The Swiss and French branches are leveraging the family name in a bid to control the global wealth-management market
© Fabrice COFFRINI / AFP
The Rothschild family’s Swiss and French branches are battling for dominance in the wealth management industry, which is causing tension and sparking speculation of a merger that would significantly impact the global financial landscape, Bloomberg wrote this week.
The Swiss private bank, Edmond de Rothschild Group, and the smaller French lender, Rothschild & Co., are the only remaining banks with links to the family whose name has been a synonym for wealth and power for more than two centuries.
The Rothschild family emerged from the Jewish ghetto in Frankfurt in the 19th century to become one of the world’s richest and most powerful financial dynasties that bankrolled wars and empires, and helped shape Europe’s economic and political history.
After decades of operating in relatively different segments, the Swiss and French branches are now targeting the same wealthy clients. The odds of a merger within the renowned family are now rising as both banks are fighting for a bigger share of the $250 trillion global wealth management industry, the outlet said.
“They are now targeting similar clients,” said Christoph Kunzle, a lecturer on wealth management at Zurich University of Applied Sciences. “It’s very competitive and their centuries-old name is a big asset that they are both trying to leverage.”

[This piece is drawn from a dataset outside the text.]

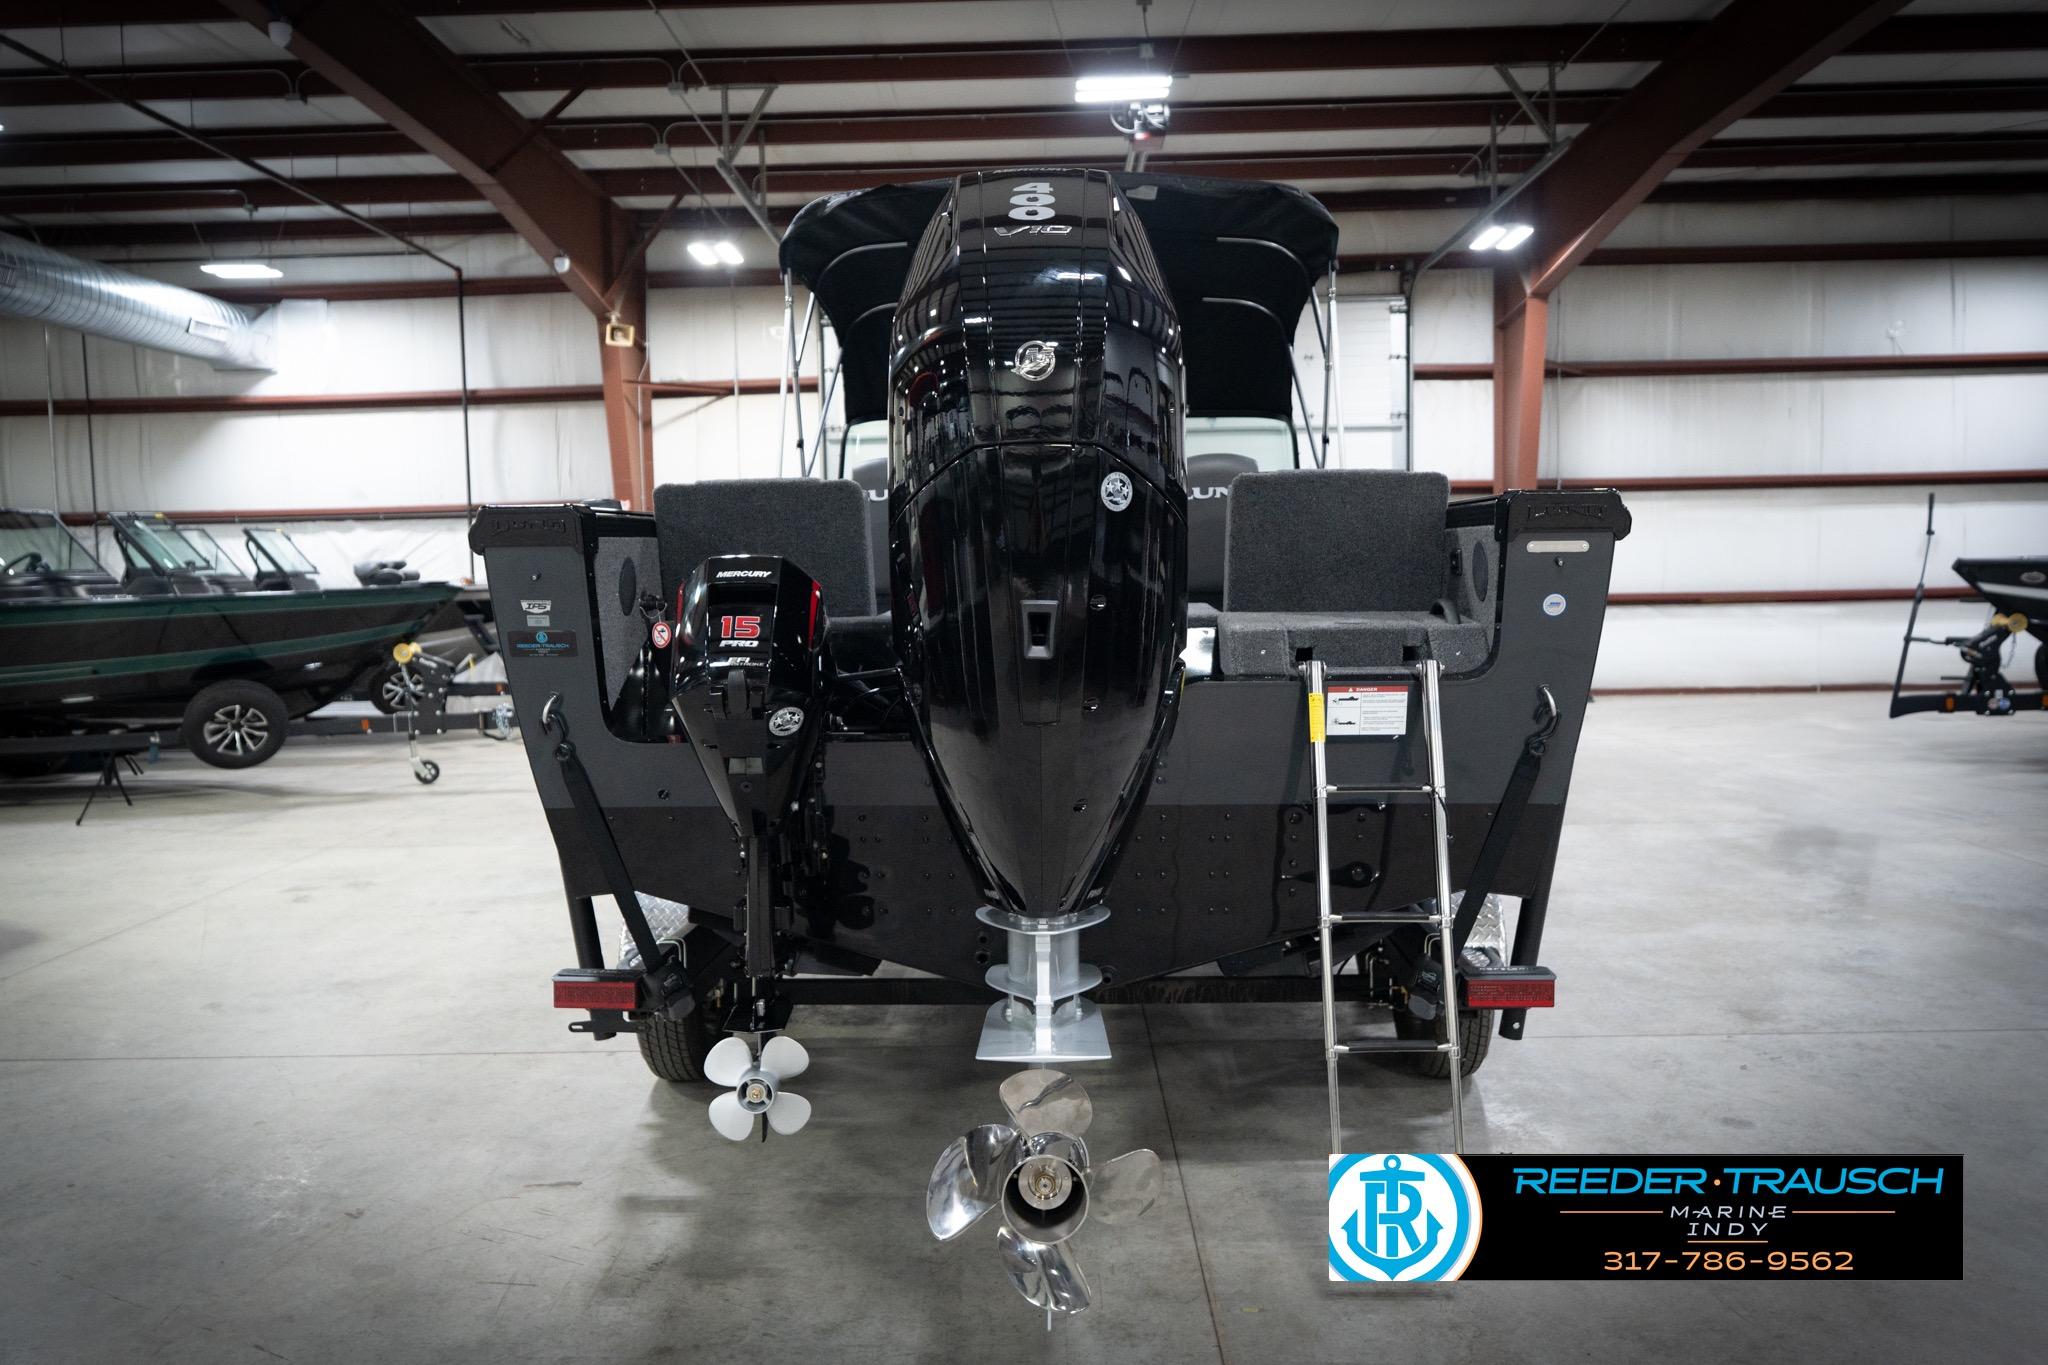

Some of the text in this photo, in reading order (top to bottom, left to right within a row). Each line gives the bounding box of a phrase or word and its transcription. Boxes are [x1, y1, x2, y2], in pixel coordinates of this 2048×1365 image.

The Paris-based Rothschild & Co. run by Alexandre de Rothschild, the 43-year-old seventh-generation scion is the smaller of the two banks. The bank had over €102 billion ($110 billion) in assets under management in mid-2023. However, it has been growing rapidly by opening more offices in the same segment, rivaling its Swiss peer.
An aggressive expansion comes as the Swiss-based Edmond de Rothschild led by Baroness Ariane de Rothschild grapples with a stagnating business, the article stated. At the end of 2022, assets under management in the bank were down to 158 billion Swiss francs ($179 billion) from 178 billion the previous year.
Meanwhile, over the past few years, the Paris-based firm has opened wealth-management offices in Italy, Luxemburg, UK and even made some acquisitions in Switzerland, Ariane’s backyard.
Experts also point to confusion among customers as two separate Rothschild businesses are moving into each other’s territories.
“Among consumers there is definitely confusion between the two,” said Declan Ahern, a strategy and valuations director at Brand Finance.
Experts say a merger would give heft to the Rothschild empire in a globalized economy, where the lines between tradition and innovation are increasingly blurred. The two banks are too small when set against industry behemoths such as Morgan Stanley and UBS Group AG or even Swiss private banks Julius Baer and Banque Pictet.
“There is a need for consolidation, notably for small wealth managers due to the increase in costs and regulation,” said Nicolas Payen, an analyst at Kepler Cheuvreux. “A rule for the industry now is that they need size.”
The idea of joining forces has been proposed by the French branch in the past, but turned down by the Swiss side. Baroness Ariane has repeatedly rejected the move even though some of her high-ranking private bankers believed a rapprochement would make sense. The 58-year-old CEO of the Swiss bank is now reportedly eyeing a near-term expansion in the oil-rich Middle East and much promising Asian market.
“On the one side there is an economic rationale, on the other there is personal pride,” said Philippe Pelé-Clamour, adjunct professor at the HEC Paris business school.
He believes that the period of “egos and disputes” is relatively short against the backdrop of their 200-year history and forecasts that a merger of the two branches could take place within a generation.